President Yushchenko, who accuses Yanukovych's Regions party of trying to usurp power, remains firm in his call for new elections. He says they are the only way out of the impasse, barring a last-minute compromise with his prime minister. The two have held several lengthy meetings, during which both parties stuck to their entrenched positions.
All eyes and hopes are now on the court, which could deliver a ruling at any time in the next 30 days.
The question is will a constitutional court decision be able to fix what is essentially a political problem, stemming from a long-standing political rivalry? Kiev-based independent political analyst Ivan Lozowy is doubtful.
"The chances are not very good that either side, if they lose, will fold up shop and quietly go off into the night with this decision. That's the big problem," he said. "Even if the decision goes through - let's say the elections are held, or they are cancelled, the political fight will continue. There's no question."
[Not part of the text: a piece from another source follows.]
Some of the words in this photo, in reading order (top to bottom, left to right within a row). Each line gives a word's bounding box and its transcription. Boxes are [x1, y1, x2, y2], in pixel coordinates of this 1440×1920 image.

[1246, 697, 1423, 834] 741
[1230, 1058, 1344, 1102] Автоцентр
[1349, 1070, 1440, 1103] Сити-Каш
The way in which that fight materializes could pose Ukraine's next challenge. For example, Lozowy notes that - even though both parties have said they will respect and abide by the court's decision - either party could still change their mind and reject the outcome.
Lozowy adds he is especially unsure whether Yanukovych will keep his word, given his recent comment to a reporter that he was ready to launch impeachment proceedings against the president, if the court decides in his favor.
The court is comprised of six judges chosen by the president, six chosen by parliament, and six by the legal community. However, in the days leading up to the hearings, five judges decided to boycott the process, citing "gross" pressure. Three were Yushchenko appointees, one judge was appointed by parliament and one was from the legal community.